“Heard what?” She blinked innocently. “The fact that you’re an arrogant fucker, or the sound of your pride slowly choking you?”
His scowl deepened as he stuck electrodes to her skin, on her chest and temples. “You can’t manage on your own, Liza. None of us can. I’m not too proud to see that.”
“Aren’t you?” She raised a brow which he ignored.
“Despite what you think, I’m not doing this to lord over you.”
“Could have fooled me.”
His jaw flexed. He turned his back and placed his palms on the workbench. Tension tightened his shoulders, and without looking at her, he spoke. “I’m doing this because I love you. You’re family.”
Her shoulders dropped, and she sighed. “I know. I’m sorry.”
“Can you control your power?”
She flattened her lips. “It kind of happens when I’m stressed.”
“Then we’ll work on triggering that response and then see if you can rein it in.”
Parker hit the Deadly Seven emblem on his chest and said, “AIMI, let me out of the suit.”
The AI he’d created with Flint and Sloan, AIMI, spoke out of the speakers in the ceiling.“Yes, Parker, oh King of Ass-hats. Form-fitting function deactivated.”
“Fucking Sloan,” Parker shouted in the direction of the bathrooms. “Reprogram AIMI again, and I’ll remove your access.”
Liza covered her smile. Of course, his small confession of affection would be obliterated by a growling lion. She supposed she was lucky to catch a glimpse.
Air rushed out of the suit’s neck, and the fabric lost its tension. Once tight and snug on Parker’s large and muscular body, it became loose. He stepped out of it and placed the suit on the workshop bench.
Liza looked through to the adjoining operations room where white, faceless mannequins in glass cabinets surrounded the center table. When no one wore their battle gear, Deadly suits covered those mannequins. Each one had a different colored fukumen face scarf. Liza’s was fuchsia, bright, and clean as the day it was made. Hers, Wyatt’s, and Sloan’s suits were the only two remaining on the mannequins.

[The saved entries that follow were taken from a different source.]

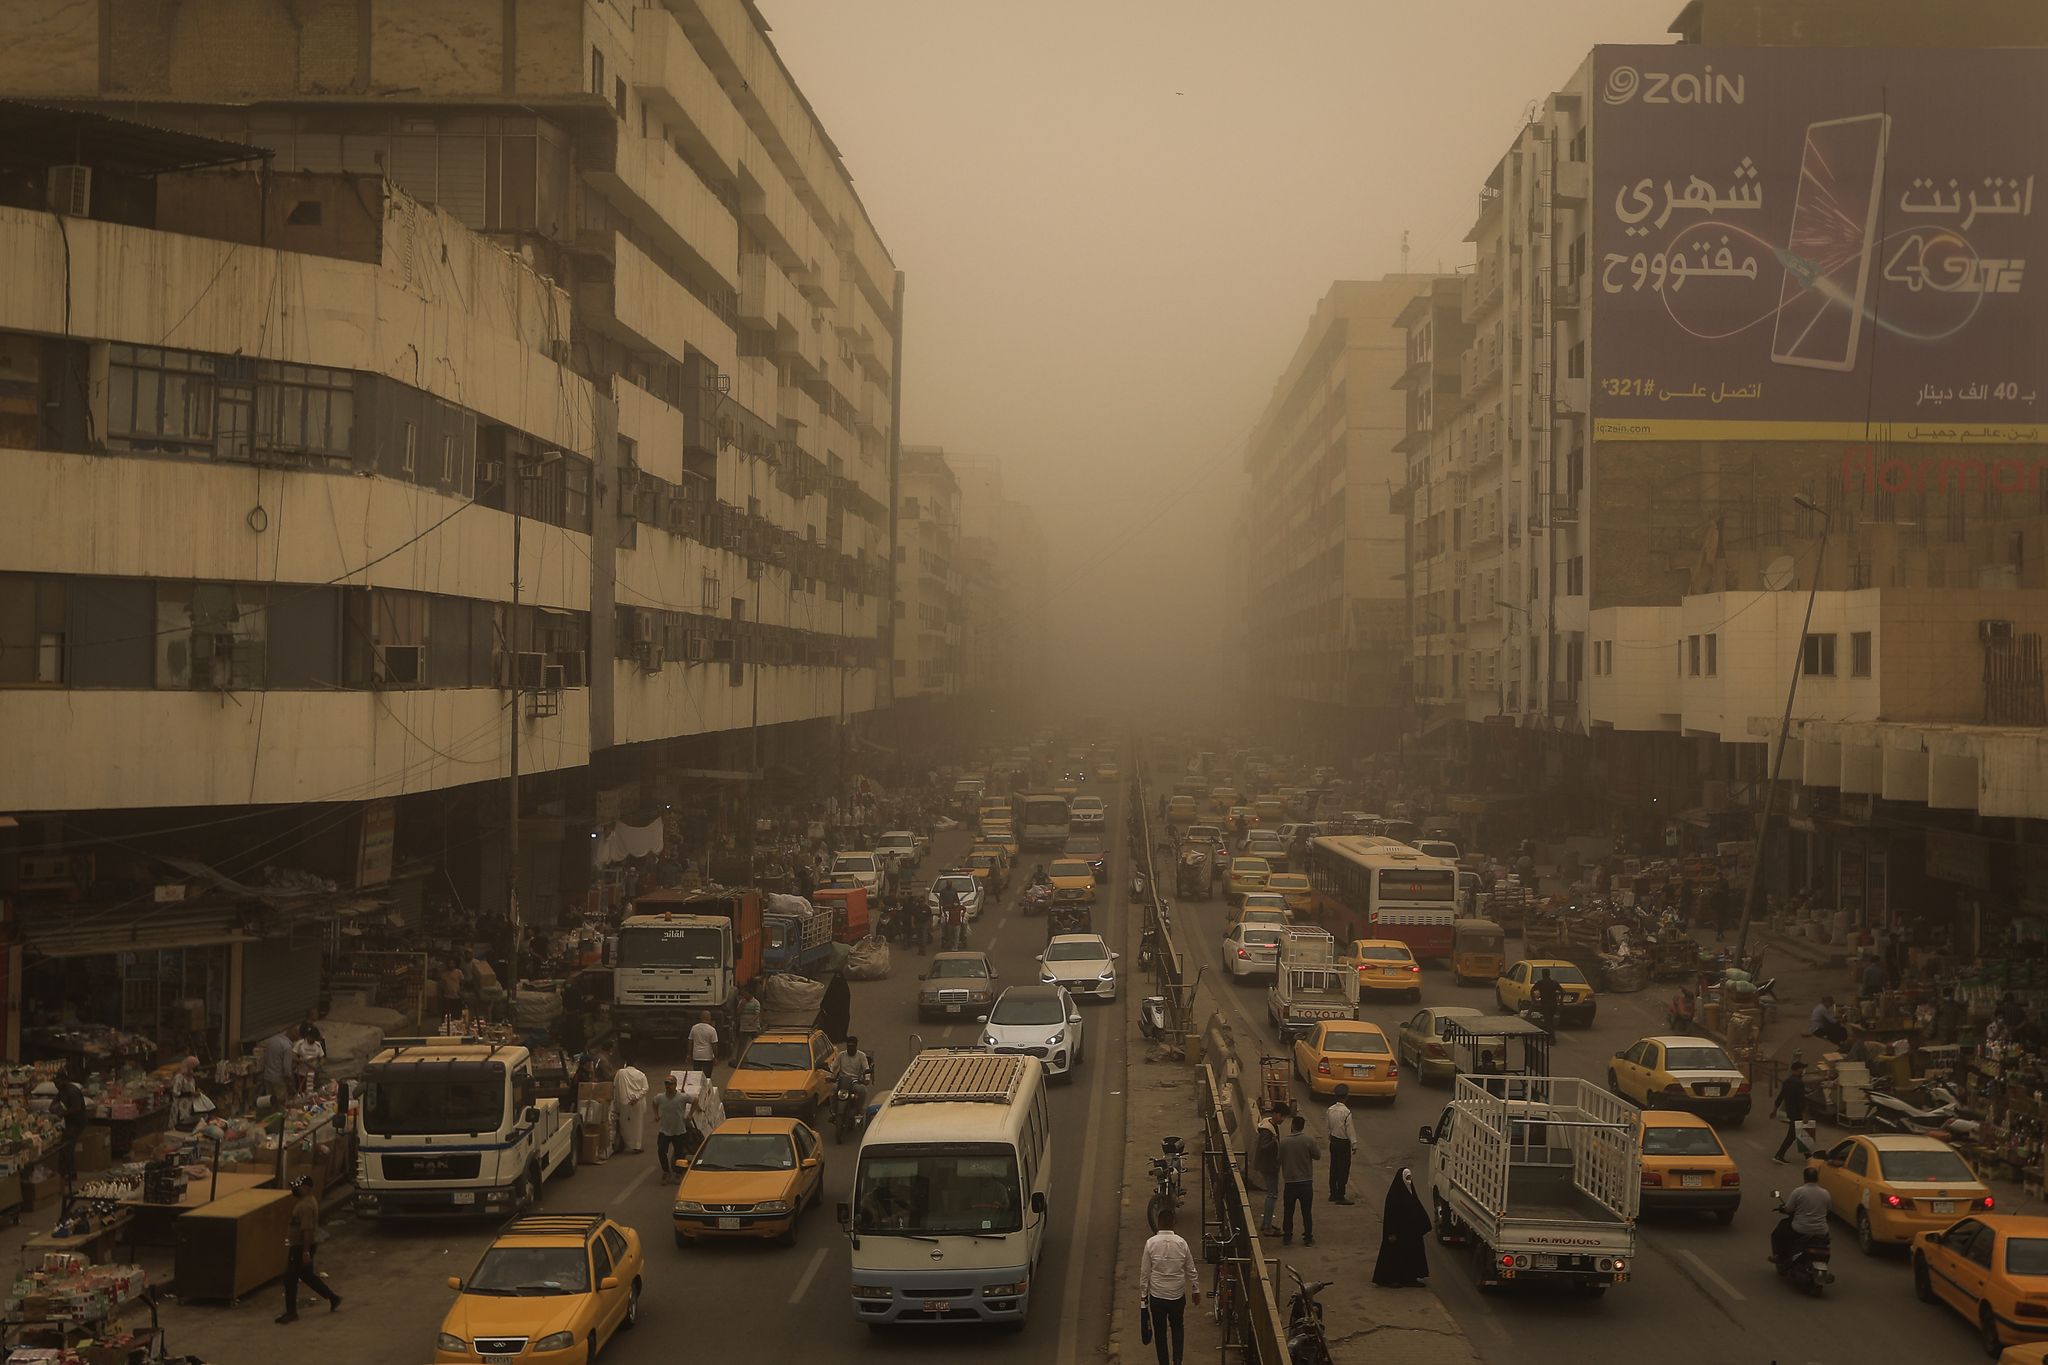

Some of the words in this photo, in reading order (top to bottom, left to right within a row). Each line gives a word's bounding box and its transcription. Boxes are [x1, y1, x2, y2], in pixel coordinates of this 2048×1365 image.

[1642, 64, 1745, 105] zain
[1615, 156, 1763, 237] شهري
[1899, 175, 2035, 231] انترنت
[1601, 235, 1759, 294] مفتوووح
[1658, 382, 1707, 401] على
[1711, 382, 1763, 403] اتصل
[1915, 383, 1954, 406] دينار
[1958, 382, 1989, 401] الف
[1993, 381, 2018, 401] 40
[1907, 425, 1957, 441] جميل
[1297, 1009, 1346, 1020] TOYOTA

Naked except for his boxer shorts, Parker found a swab kit and took samples of Liza’s toxin from his suit.
“While you’re doing a stress test,” he said. “I’ll test the toxin for due diligence.”
“Where is everyone else?”
Serious eyes met hers. “Most are with Daisy.”
“How come you’re not?”
“Someone needs to make sure you can handle yourself before you’re set loose on the world again.”
Liza didn’t think that was the only reason, but if Parker felt anything like Liza, he was nervous as hell to be around Daisy. And it wasn’t purely because she’d been working for the enemy for most of their lives. Liza and Parker were the eldest. TheyrememberedDaisy. As children, she’d held them when they’d cried. She sang them songs to make them feel better and told stories at bedtime.

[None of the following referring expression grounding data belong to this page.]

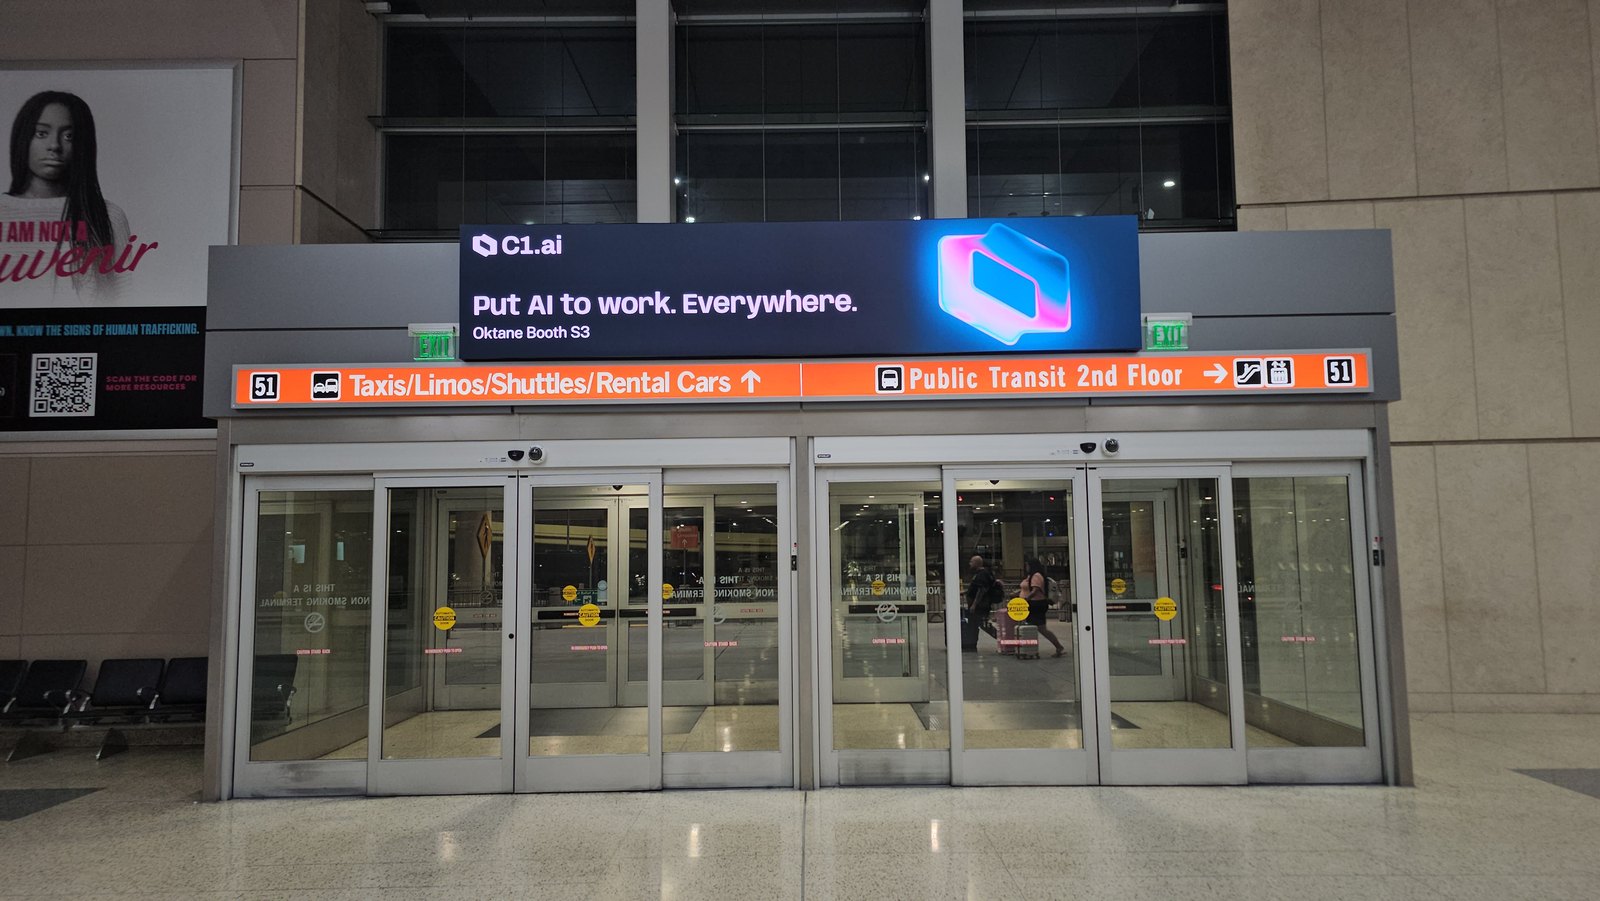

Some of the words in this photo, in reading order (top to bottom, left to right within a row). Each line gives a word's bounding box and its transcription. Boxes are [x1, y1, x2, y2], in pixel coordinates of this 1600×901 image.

[7, 221, 34, 242] AM
[39, 220, 71, 242] NOT
[76, 220, 88, 241] A
[501, 234, 562, 255] C1.ai
[473, 293, 521, 316] Put
[527, 294, 553, 316] AI
[559, 293, 592, 315] to
[597, 291, 677, 315] work.
[682, 289, 858, 320] Everywhere.
[16, 325, 43, 337] KNOW
[46, 325, 62, 337] THE
[64, 324, 91, 336] SIGNS
[93, 324, 104, 336] OF
[105, 324, 138, 336] HUMAN
[140, 323, 200, 335] TRAFFICKING.
[472, 327, 523, 340] Oktane
[526, 326, 568, 339] Booth
[570, 325, 591, 339] S3
[1153, 323, 1184, 347] EXIT
[420, 335, 449, 357] EXIT
[106, 375, 132, 383] SCAN
[134, 375, 150, 383] THE
[153, 374, 177, 382] CODE
[179, 374, 197, 382] FOR
[677, 371, 731, 393] Cars
[910, 367, 978, 390] Public
[989, 365, 1066, 388] Transit
[1077, 364, 1117, 387] 2nd
[1127, 363, 1183, 386] Floor
[1330, 361, 1350, 382] 51
[134, 383, 186, 391] RESOURCES
[255, 377, 275, 396] 51

Daisy was living proof of a nightmare future they’d escaped. She was who they would have been if Mary hadn’t made the sacrifice to save them at Daisy’s expense.
Liza crossed her arms. “I handled myself just fine, thank you.”

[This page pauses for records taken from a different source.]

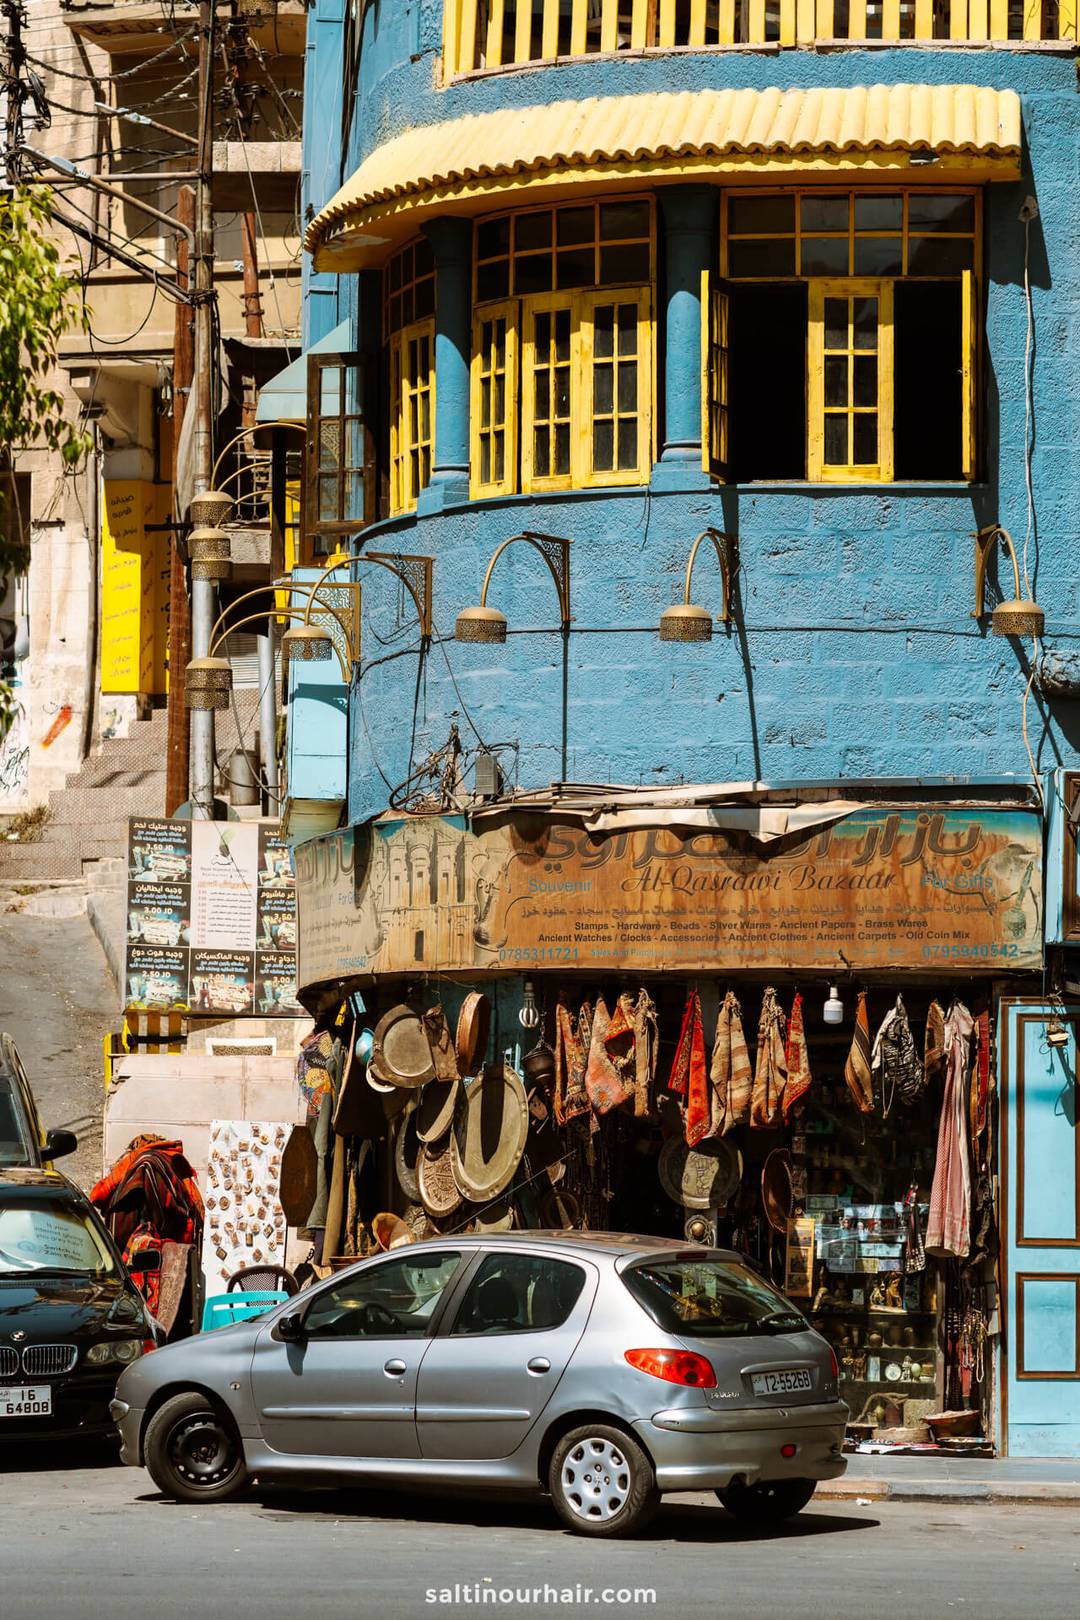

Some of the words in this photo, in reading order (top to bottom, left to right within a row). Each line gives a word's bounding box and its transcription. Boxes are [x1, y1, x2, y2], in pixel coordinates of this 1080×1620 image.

[851, 813, 982, 869] بازار
[528, 880, 593, 894] Souvenir
[621, 865, 782, 896] Al-Qasrawi
[788, 864, 898, 891] Bazaar
[921, 875, 951, 889] For
[955, 874, 993, 889] Gifts
[575, 922, 608, 932] Stamps
[617, 921, 661, 931] Hardware
[670, 921, 700, 931] Beads
[709, 921, 737, 930] Silver
[740, 920, 771, 930] Wares
[780, 920, 818, 929] Ancient
[821, 920, 856, 931] Papers
[865, 919, 894, 929] Brass
[897, 919, 928, 928] Wares
[538, 933, 572, 943] Ancient
[574, 933, 612, 943] Watches
[620, 933, 651, 943] Clocks
[660, 932, 720, 943] Accessories
[728, 932, 767, 942] Ancient
[769, 932, 808, 942] Clothes
[816, 931, 855, 941] Ancient
[858, 931, 897, 942] Carpets
[906, 930, 924, 940] Old
[926, 930, 950, 940] Coin
[952, 930, 970, 940] Mix
[6, 1401, 49, 1415] 64808

A lone, indignant brow arched. “And have you checked to see if you caught any innocents in your wake? Do you know what your toxin has done to the insides of those it caught?”
He had a point. Joe was out there still.
“He’s fine,” Parker said, reading her expression. “The poisonous mist dispersed quickly, and tetrodotoxin is at its worst when inhaled or somehow imbued into the bloodstream. A little on his skin won’t kill him.”
“How do you know?”
“Griff is on the roof, keeping an eye on things. The effects of your poison works fast. If Joe was affected, he’d be down by now.”